Nano-Sharp co-founder Saif Islam, professor of electrical and computer engineering, said inspiration came when his team was working on making solar cells from silicon wafers. They were etching the wafers to create thin vertical walls standing up from the surface.
“We accidentally made some ‘bad’ walls that were very sharp,” he said. “We realized that we could mount them and use them as blades.”
Ceramic or silicon blades are extremely sharp and keep an edge much longer than metal blades. But they are very expensive, so their use is limited to high-end kitchen knives and surgical tools. For example, a ceramic scalpel for eye surgery costs about $600, Islam said.
Conventional blades are made by sharpening the edge of a silicon wafer, Islam said. In contrast, his new, patented technique creates blades across the surface of the wafer.
The cutting edge of the blade is just a few atoms across, Islam said. “They have atomic sharpness approaching that of a diamond blade that metal blades cannot exhibit.”

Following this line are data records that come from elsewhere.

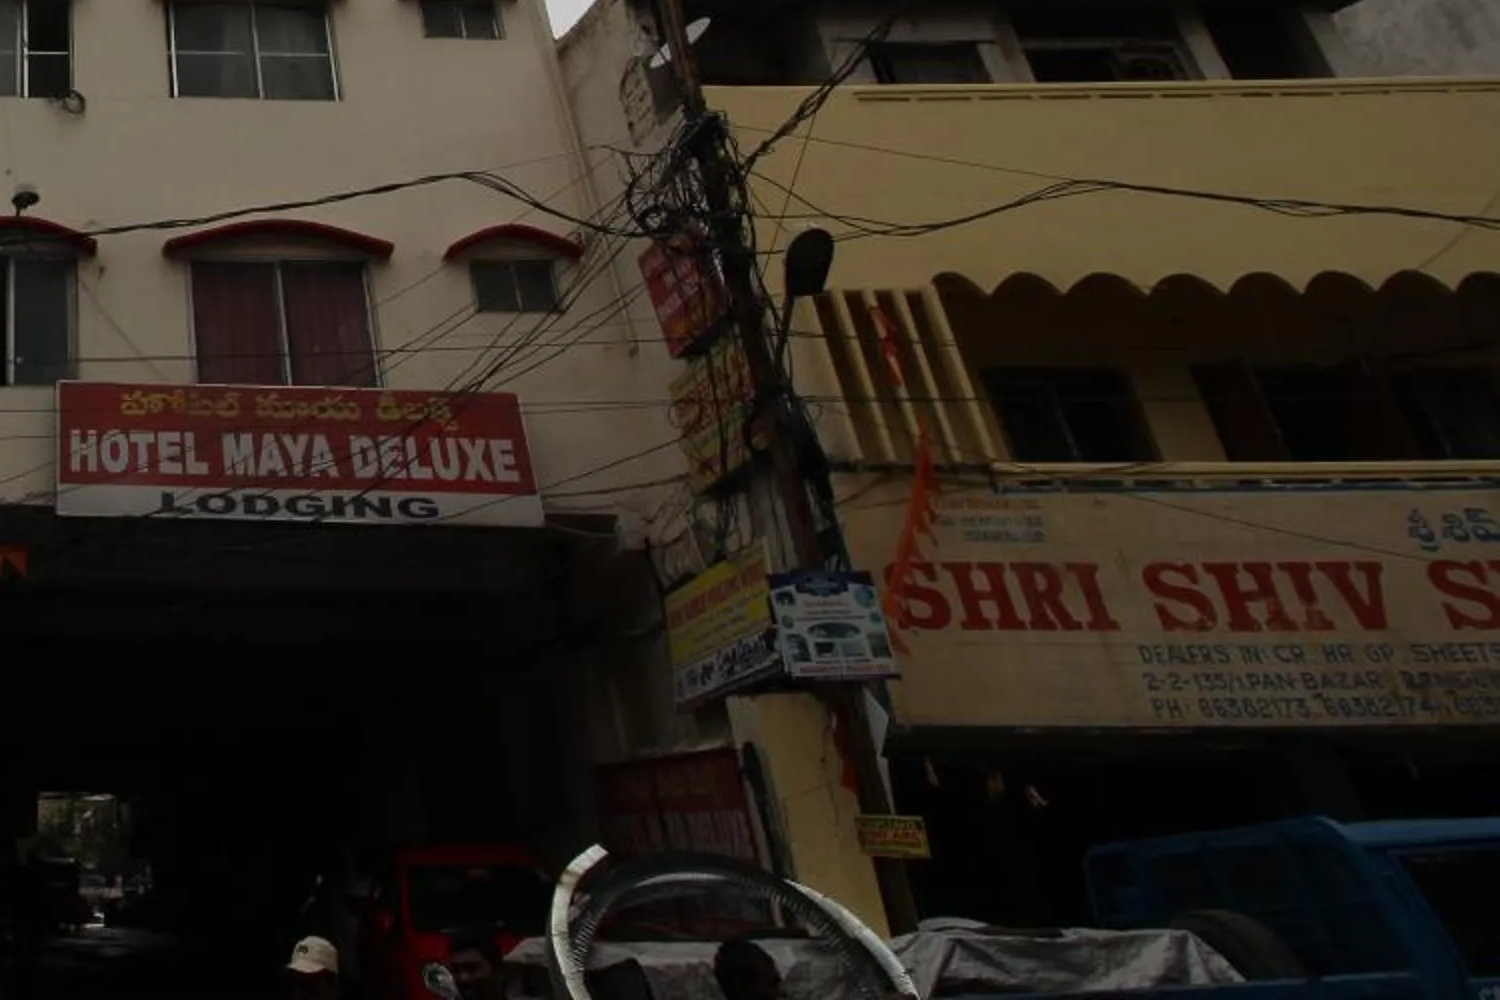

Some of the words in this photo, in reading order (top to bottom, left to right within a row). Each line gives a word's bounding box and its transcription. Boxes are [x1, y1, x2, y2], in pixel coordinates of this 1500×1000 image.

[70, 428, 209, 476] HOTEL
[222, 432, 337, 479] MAYA
[348, 434, 520, 482] DELUXE
[158, 491, 440, 520] LODGING
[884, 560, 1121, 631] SHRI
[1142, 560, 1388, 631] SHIV
[1136, 644, 1231, 664] DEALERS

The performance of these crystalline blades can be improved using technologies developed by the semiconductor industry over the past 50 years, Islam said.
Islam recently won a Proof of Concept award from the University of California to develop a prototype to attract private investors to back the company.
Co-founders of the company are Logeeswaran V. Jayaraman, a postdoctoral researcher in Islam’s laboratory, and David Horsley, professor of mechanical and aerospace engineering.
Other new tenants in the incubator are mRhythm and Barobo Inc. Founded by professor Tingrui Pan of the department of biomedical engineering, mRhythm is developing sensors for personal home health monitoring. The small, flexible sensors can be worn by patients at home to record data such as heart rate, breath sounds and patterns, transmitting the information wirelessly to health care professionals.
Educational robotics company Barobo, founded by professor Harry Cheng of the department of mechanical and aerospace engineering and former graduate student Graham Ryland, has its physical office at the Davis Roots incubator in the Hunt-Boyer Mansion downtown. It is working with the Engineering Translational Technology Center for advice on business development and fundraising.
ETTC was established in 2010 to help technology startups, based on intellectual property developed at UCD, grow and attract support from external financial investors.